Just remove it, full stop. From MPs, at least. Synths and SEAs have other people in charge of their law compliance clause and I don’t have the experience to make any claims about it.
The main, and most obvious worry people will have is the potential for a lack of mandatory ML compliance to enable MPs to abuse other players. To that I’d say that griefing remains against the rules, which is really plenty for the obscene cases people are thinking of when they say this (this is how almost every other server regulates their sec department by the way).
A lot of lesser abuses come from people bringing up bad MPs of the past like Laurencia Beck, as though her failures reflect on them as whole. Laurencia Beck got her MP roles re-instated multiple times. Nobody acting as an MP facilitated that or made it happen. The mandatory compliance rule failed to prevent someone with a known pattern of misconduct from being allowed to return to that pattern, not to mention the rule against griefing people.

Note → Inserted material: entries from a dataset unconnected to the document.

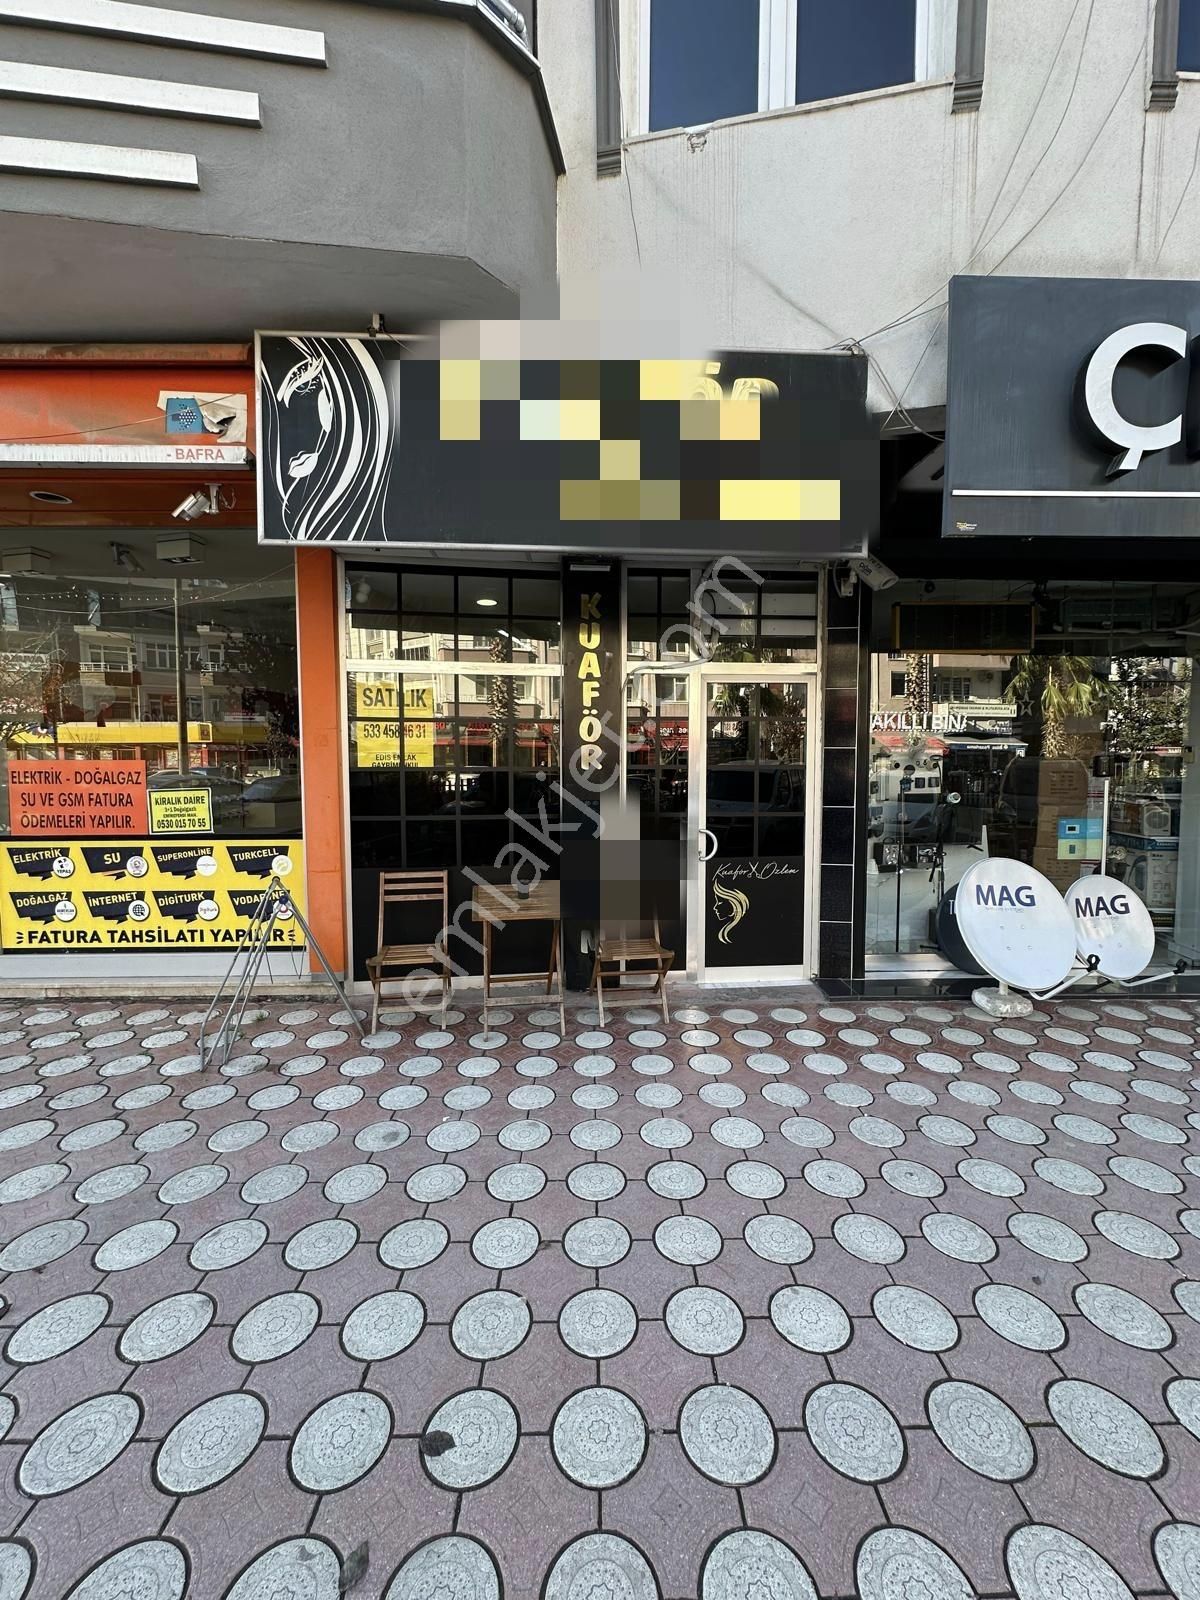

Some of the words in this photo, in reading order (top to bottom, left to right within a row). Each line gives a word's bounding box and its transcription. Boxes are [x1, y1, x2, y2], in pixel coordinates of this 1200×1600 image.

[1086, 322, 1200, 470] Ç
[175, 448, 225, 460] BAFRA
[577, 593, 604, 771] KUAFÖR
[363, 723, 381, 739] 533
[383, 723, 401, 739] 458
[415, 724, 426, 739] 31
[11, 767, 63, 785] ELEKTRİK
[74, 768, 142, 785] DOĞALGAZ
[21, 792, 36, 807] SU
[40, 792, 54, 807] VE
[58, 792, 85, 807] GSM
[88, 793, 134, 807] FATURA
[155, 796, 182, 806] KİRALIK
[184, 795, 205, 804] DAİRE
[20, 811, 86, 829] ÖDEMELERİ
[89, 815, 136, 829] YAPILIR.
[157, 819, 173, 828] 0530
[175, 819, 187, 828] 015
[188, 818, 196, 828] 70
[198, 818, 206, 827] 55
[13, 847, 63, 864] ELEKTRİK
[103, 852, 121, 865] SU
[157, 847, 212, 862] SUPERONLİNE
[233, 847, 280, 862] TURKCELL
[16, 892, 68, 908] DOĞALGAZ
[88, 891, 138, 907] İNTERNET
[158, 891, 205, 907] DİGİTURK
[233, 890, 285, 906] VODAFNE
[975, 884, 1036, 907] MAG
[1074, 894, 1131, 919] MAG
[28, 929, 101, 944] FATURA
[107, 926, 204, 943] TAHSİLATI
[210, 928, 285, 943] YAPILR
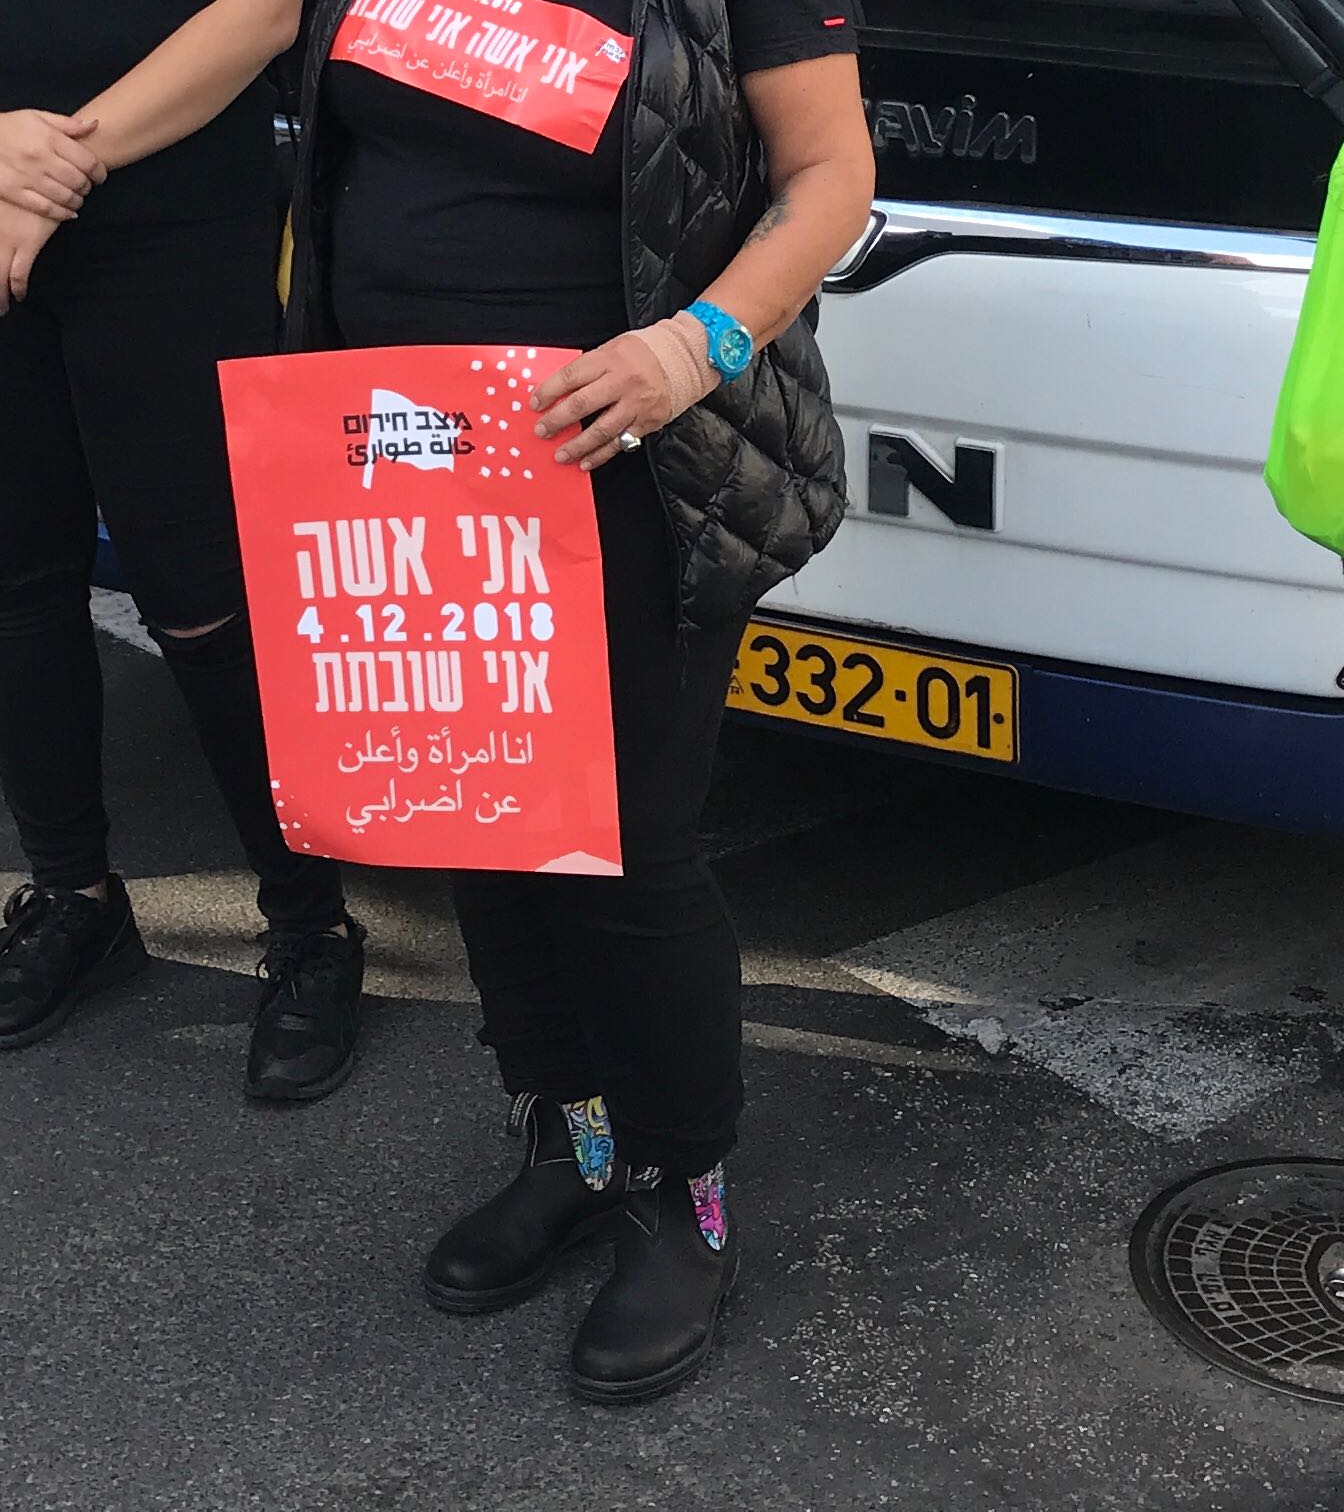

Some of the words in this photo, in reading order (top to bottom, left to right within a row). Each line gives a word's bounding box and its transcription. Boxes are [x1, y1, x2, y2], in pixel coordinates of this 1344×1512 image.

[426, 4, 473, 50] אני
[465, 20, 539, 74] אשה
[540, 43, 590, 95] אני
[342, 410, 409, 435] חירום
[413, 409, 474, 433] מצב
[428, 432, 477, 456] حالة
[345, 434, 423, 468] طوارئ
[292, 515, 434, 599] אשה
[455, 513, 552, 595] אני
[295, 600, 556, 644] 4.12.2018
[310, 649, 465, 714] שובתת
[482, 649, 554, 715] אני
[337, 724, 420, 775] وأعلن
[426, 724, 496, 776] امرأة
[501, 729, 534, 766] انا
[474, 788, 522, 824] عن

No amount of “MPs must follow the law” would’ve prevented someone from removing her jobbans after the fact.
The next thing to address after bad MPs is bad command decisions. Who do you call when the CO or the CMP without a CO makes a bad call and there’s nobody above them in the chain left to address it? We’ve had an in character solution to this for forever in the form of the Provost Office.
Love them or hate them, they allow staff members who DO want to work with Marine Law do so without inconsistent out of round action or ridiculously long player reports. They even get the option to give it a lot of effort (physical Provost team) or relatively little (fax machine).
The last issue I’ll address here is one management has brought up in the past. MPs are used at the time of writing as “in character moderation” so as to remove the load of dealing with some low level offenders without staff intervention. Due to the above things I’ve mentioned, I don’t think mandatory compliance under penalty of a potential job ban (we can argue escalation but that’s what it says on the rule) is necessary for them to fulfill that purpose. We don’t expect management to sometimes de-staff moderators for not filling out forms correctly and sometimes do nothing for the same offense.
I really don’t see any problem with removing mandatory compliance right now that cannot be solved with the anti-griefing rule and other things that already exist but are much less obrusive.
I could go on for even longer about things from malicious compliance versus mandatory compliance to old PRs from devs wanting to change MPs up that have and haven’t gone through, but I don’t think they’d do much to help make my point and this post is already getting too long when you extend it. So this is all I’ve got for now. Sorry it’s mostly stuff that I did or experienced, I lowkey wrote it in like 2 hours because somebody told me I should write all this shit down in a formal feedback place.